Friday, July 29, 2016

Award Winning Innovations of Minnesota State Government

In reading a daily news service of government stories nationwide, I was struck by the preponderance of negative stories. Why do we focus so much on what government does wrong when government does so many things right?

On July 21st, the State of Minnesota is going to celebrate ten examples of state government innovation. As the chair of the judging committee for the awards, I can report that MN state government is making great progress. Nearly 70 applications were received from 18 different state agencies demonstrating that our government officials are trying new ways to deliver government services more efficiently and effectively, which made are judging difficult.

We chose three innovations to receive the highest commendation:

· Department of Transportation: Government-to-Government Tribal-State Relations Training
State agencies have long grappled with how to properly communicate, interact and consult with Minnesota’s Tribal Sovereign Nations. Employees of state agencies are mandated by the Governor’s Executive Order 13-10 to consult with the tribes on matters of mutual interest, yet they have not been equipped with the knowledge or skills they need to properly consult. Some agencies hired tribal liaisons to coordinate the work between their agencies and tribal nations. Due to the high demands, many tribal liaisons are overloaded. Alternatively, training for state officials was developed that included content needed to incorporate both the concerns of Minnesota’s Tribal Sovereign Nations and the needs and the requirements of state agencies. The University of Minnesota Duluth partnered with the state to develop the training.

· Department of Labor and Industry : PIPELINE Project
The Department of Labor and Industry is integrating and expanding the dual-training and registered apprenticeship system in Minnesota through the industry-based, employer-driven PIPELINE Project. Leveraging Minnesota’s success in registered apprenticeship programs, dual-training programs offer employment, education, and training to deliver industry required skills today for the high-demand, high-wage occupations of tomorrow. Industries included are advanced manufacturing, agriculture, health care services, and information technology. While housed at the Department of Labor and Industry, the PIPELINE Project is directed by employers and their industry representatives.

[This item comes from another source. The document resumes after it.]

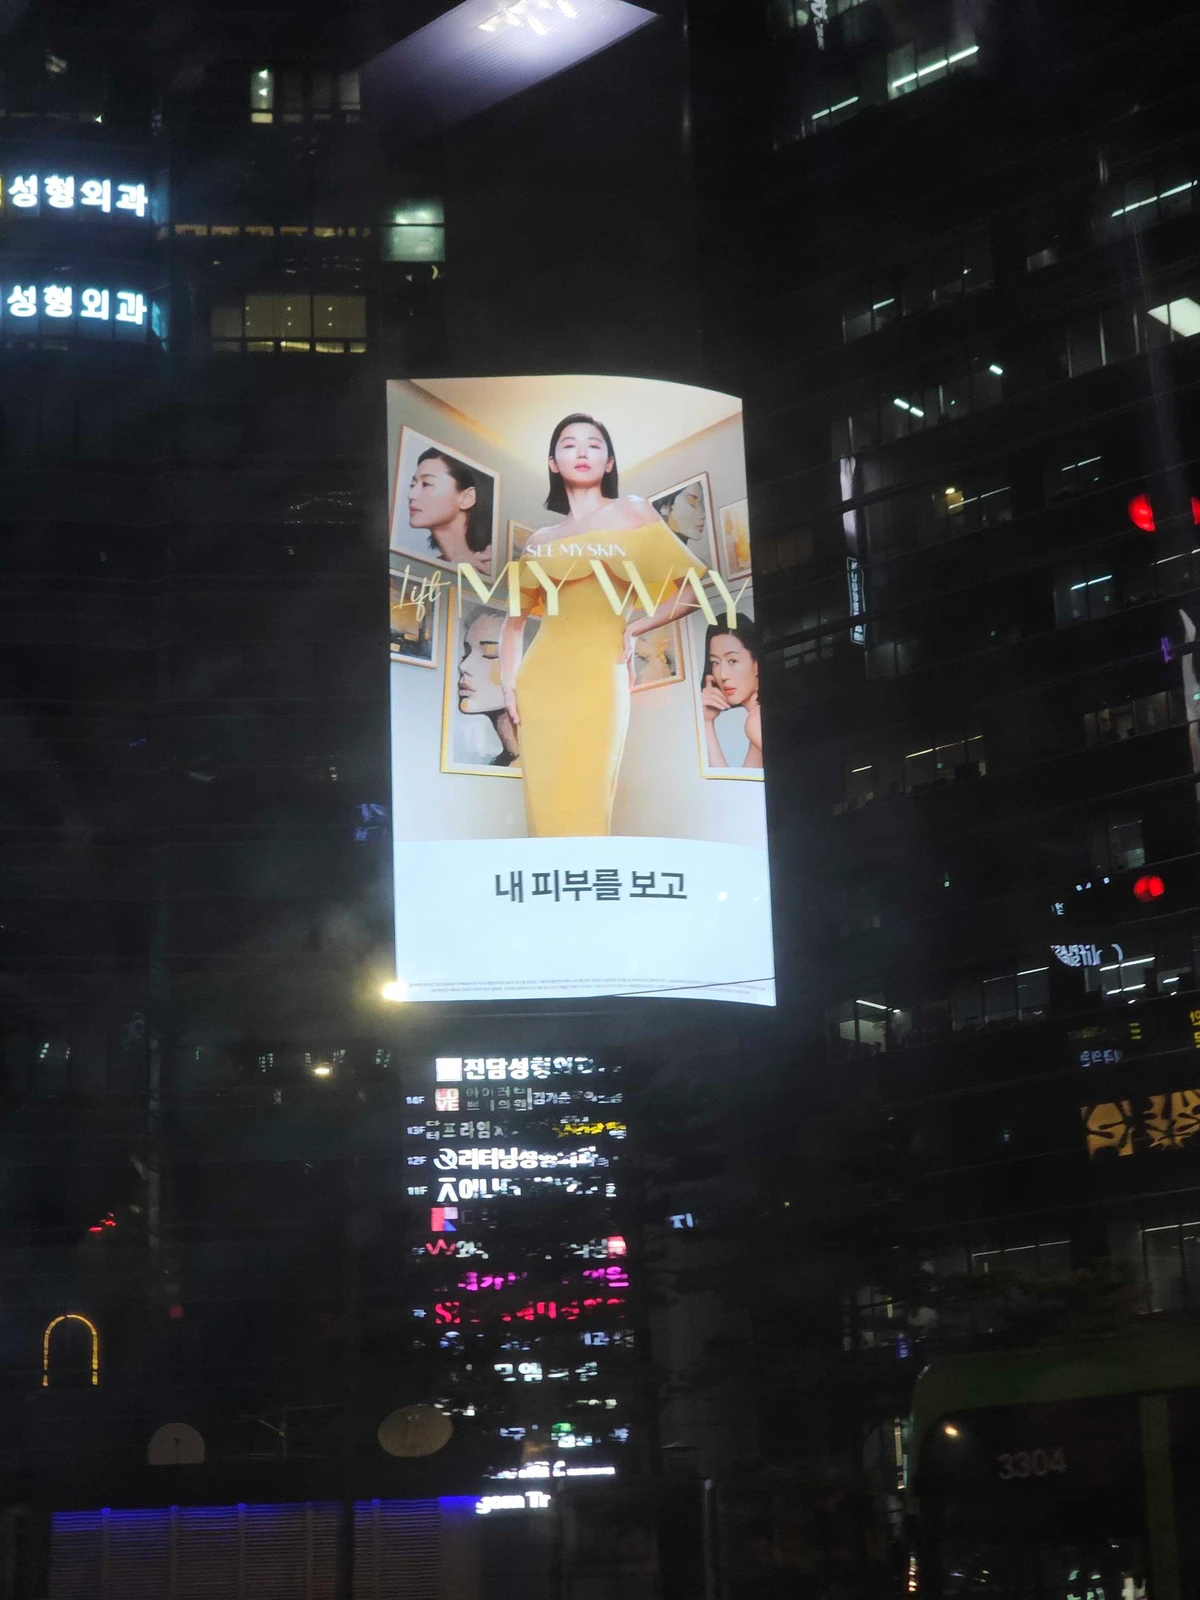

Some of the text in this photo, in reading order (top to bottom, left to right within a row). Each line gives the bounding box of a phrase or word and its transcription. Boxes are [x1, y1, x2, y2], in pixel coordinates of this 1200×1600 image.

· Department of Transportation: Unmanned Aircraft Systems (UAS) Bridge Inspection Project
The Minnesota Department of Transportation found that Unmanned Aircraft Systems (UAS) for bridge inspection improve safety, provide less disruption to traffic, and reduce work time per bridge from eight to five days. Traditionally, bridge inspections are accomplished by a "snooper truck" that sits on the bridge deck and extends a bucket underneath the bridge. UAS provide inspection detail that replicate the information gleaned through traditional measures, and costs significantly less in equipment and traffic control needs. 

The following seven innovations were also commended for their creativity, sustainability, and cost-effectiveness:

· An interactive online tool called ParkFinder that helps Minnesotans find a park that has just what they are looking for (e.g. beaches, bike trail, cabins, etc.);

· Design, construction, and restoration of aquatic habitat in the St. Louis River feeding Lake Superior to achieve Great Lakes Water Quality Agreement goals;

· A program for U. S. military Veterans in adult day care that uses songwriting, photography, and performance to entertain audiences, while giving purpose to the veterans;

· A first in the nation Army Compatible Land Use Buffer for Camp Ripley;

· A voluntary challenge, assistance, and recognition program to help Minnesota cities achieve their sustainability and quality-of-life goals;

· An outreach effort for state employees and their adult dependents who are at risk for type 2 diabetes that provides access to a digital program designed to lower participants’ risk for obesity-related chronic disease; and,

· An innovative community engagement process to update the Statewide Multimodal Transportation Plan and the 20-Year State Highway Investment Plan.

Each of these state innovations had a significant positive payback for the dollars invested while improving services for Minnesotans. The next time you are troubled by something government doesn’t do right, think about all the services like water quality, meat inspections, road design, public parks and forests, and universities that are done well. And know that Minnesota state public servants are continuing to innovate and improve what they do.

By: Jay Kiedrowski 

Jay is a Senior Fellow at the Humphrey School of Public Affairs at the University of Minnesota and directs the Minnesota State Government Innovation Awards, which are co-sponsored by the Humphrey School and the Bush Foundation.